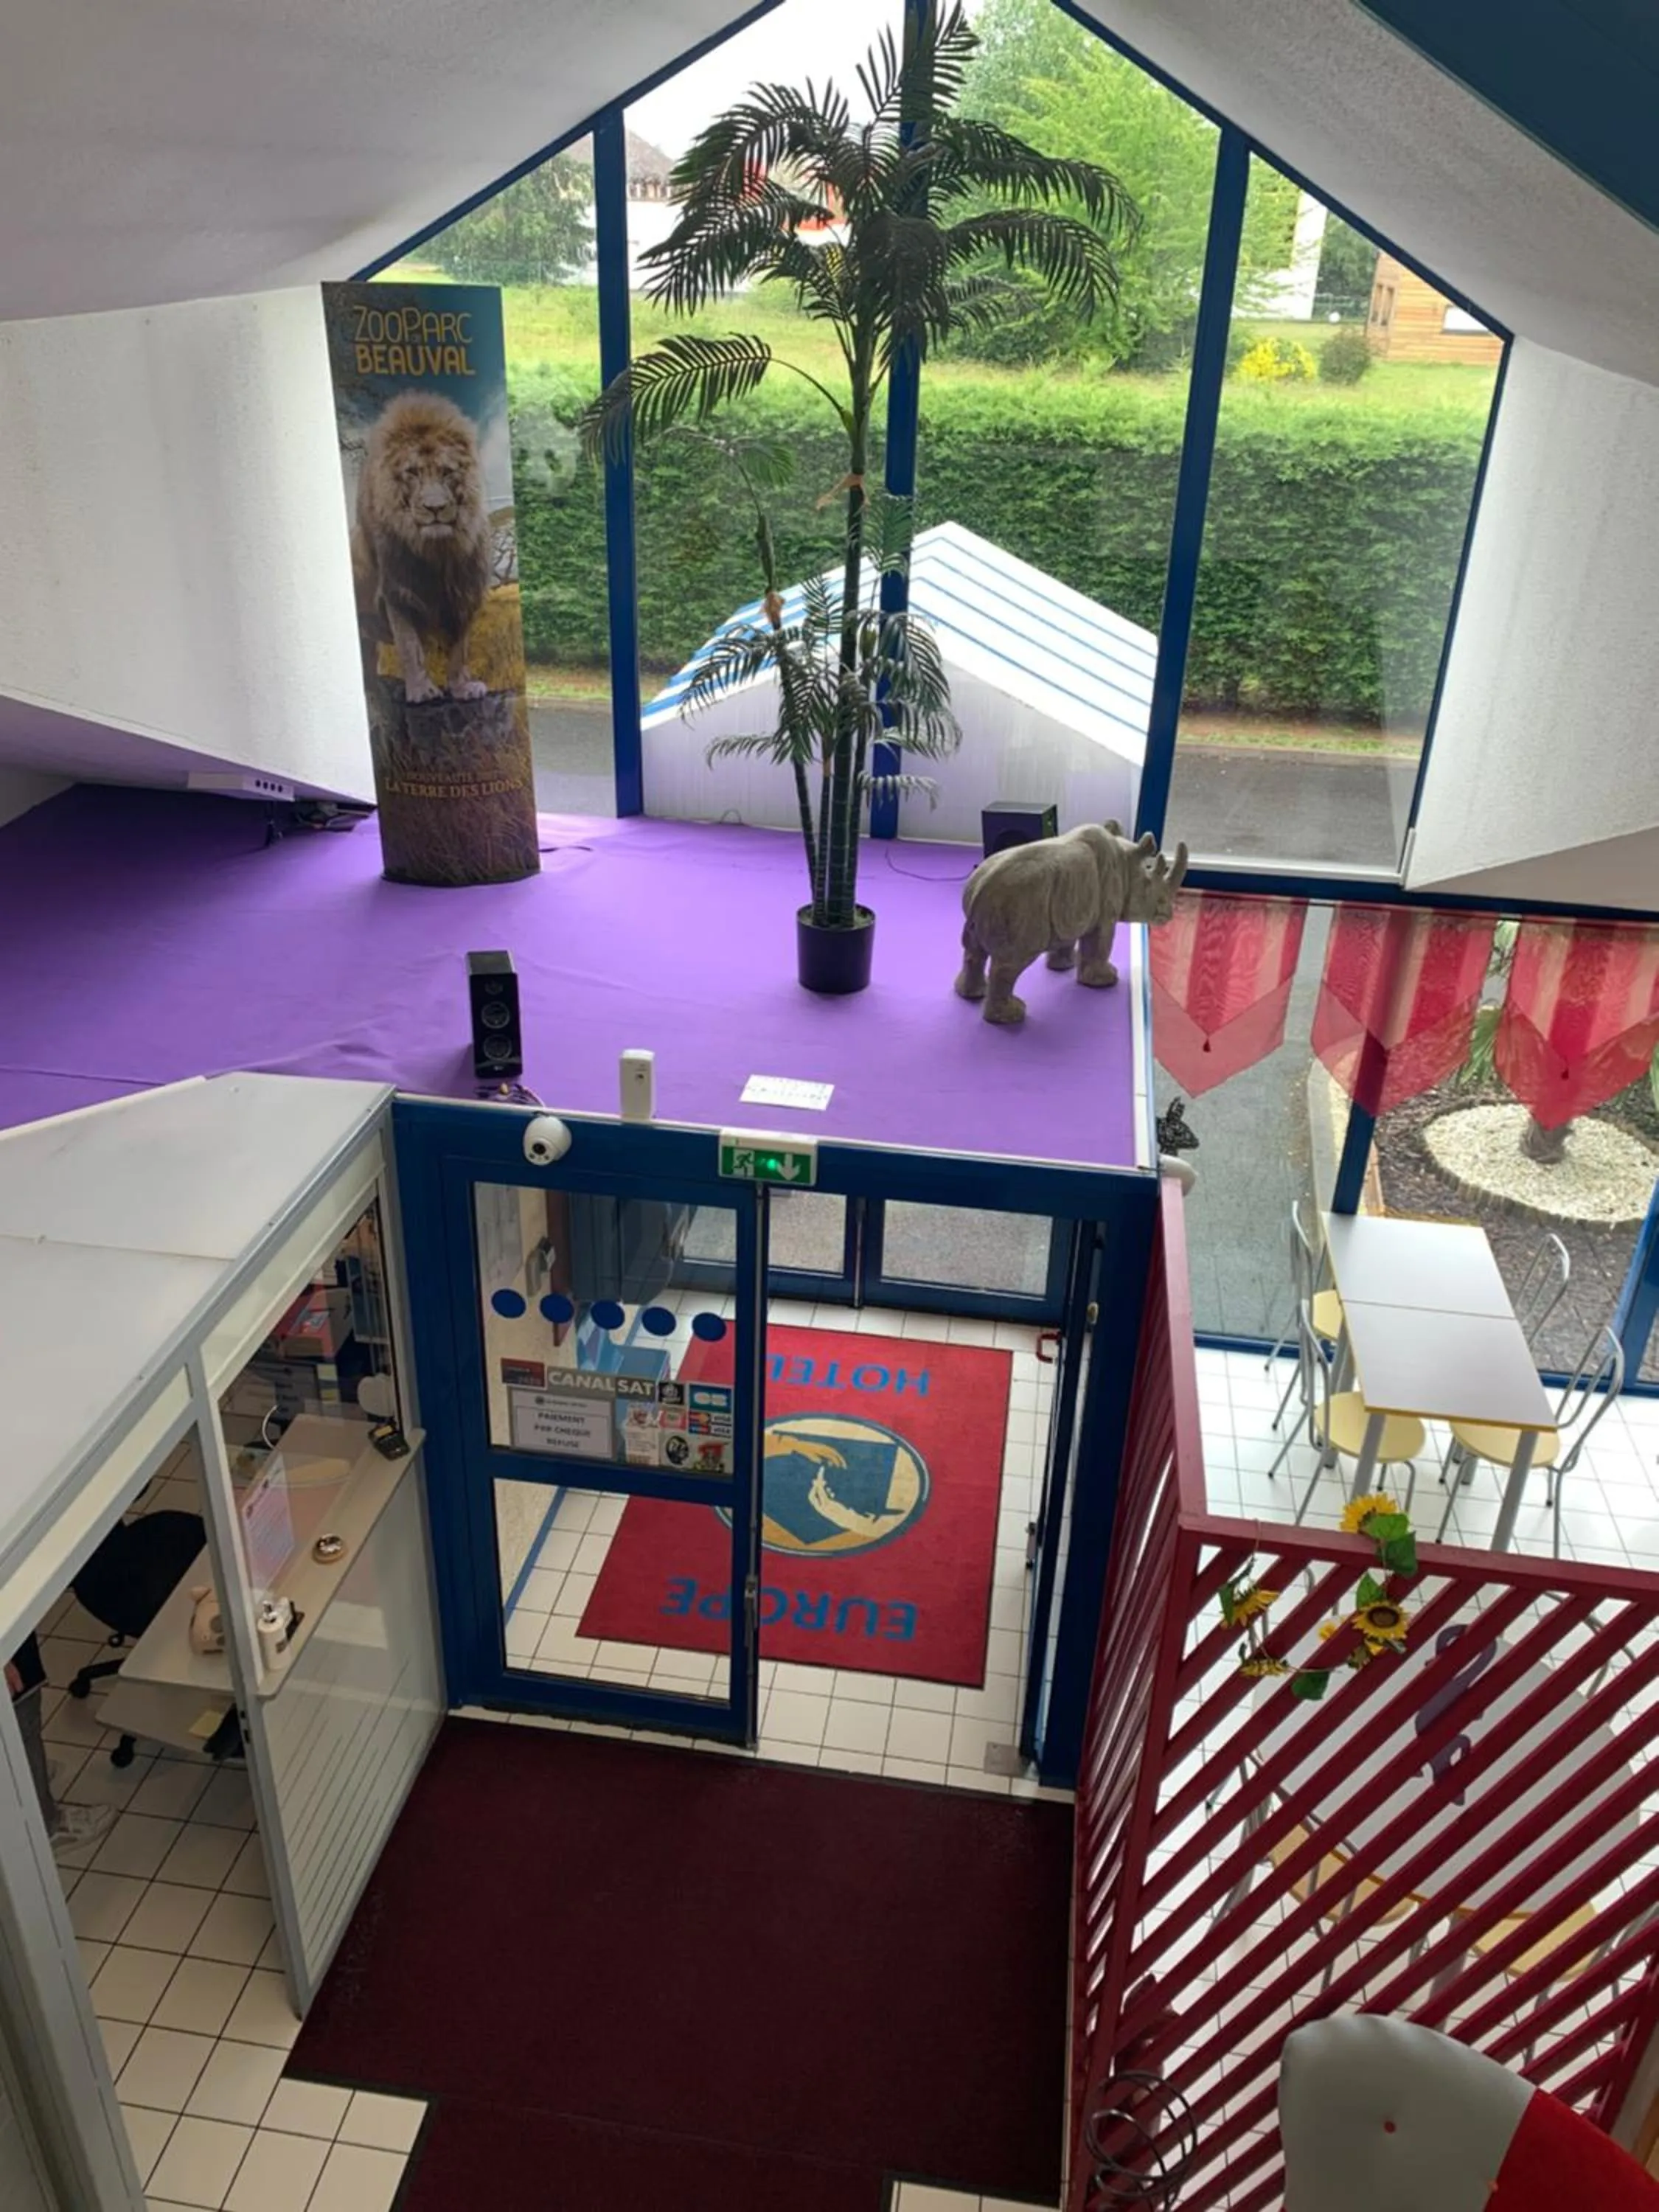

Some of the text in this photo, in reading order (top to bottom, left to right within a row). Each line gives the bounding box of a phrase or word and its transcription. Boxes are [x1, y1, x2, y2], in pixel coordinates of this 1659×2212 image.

[356, 344, 476, 375] BEAUVAL
[385, 778, 523, 798] LA TERRE DES LIONS
[766, 1354, 929, 1395] HOTEL
[662, 1577, 918, 1639] EUROPE
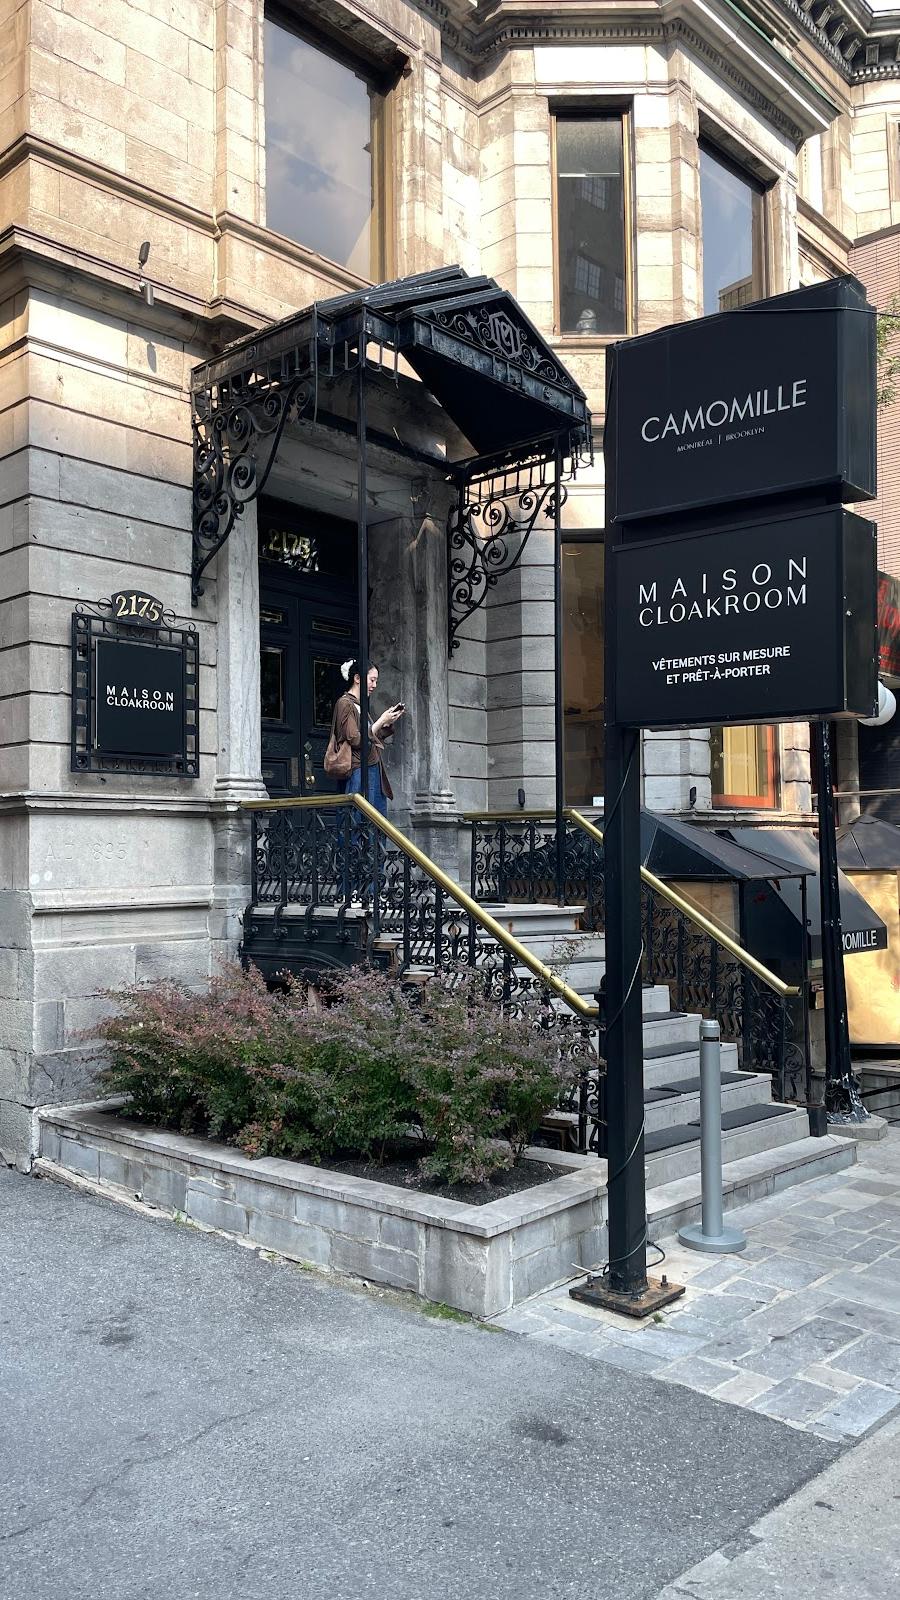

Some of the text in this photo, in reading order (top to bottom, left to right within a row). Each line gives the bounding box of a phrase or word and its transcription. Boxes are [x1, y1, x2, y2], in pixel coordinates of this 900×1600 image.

[641, 379, 807, 443] CAMOMILLE
[725, 426, 765, 441] BROOKLYN
[639, 556, 807, 604] MAISON
[116, 595, 162, 622] 2175
[639, 584, 807, 627] CLOAKROOM
[652, 646, 791, 671] VÊTEMENTS SUR MESURE
[666, 665, 771, 685] ET PRÊT-À-PORTER
[106, 685, 174, 702] MAISON
[106, 696, 174, 712] CLOAKROOM
===
Reproduce, with both ends included, the lines from the one holding "this 900×1600 image." to the end of the records above.

Reply:
Some of the text in this photo, in reading order (top to bottom, left to right within a row). Each line gives the bounding box of a phrase or word and its transcription. Boxes are [x1, y1, x2, y2], in pixel coordinates of this 900×1600 image.

[641, 379, 807, 443] CAMOMILLE
[725, 426, 765, 441] BROOKLYN
[639, 556, 807, 604] MAISON
[116, 595, 162, 622] 2175
[639, 584, 807, 627] CLOAKROOM
[652, 646, 791, 671] VÊTEMENTS SUR MESURE
[666, 665, 771, 685] ET PRÊT-À-PORTER
[106, 685, 174, 702] MAISON
[106, 696, 174, 712] CLOAKROOM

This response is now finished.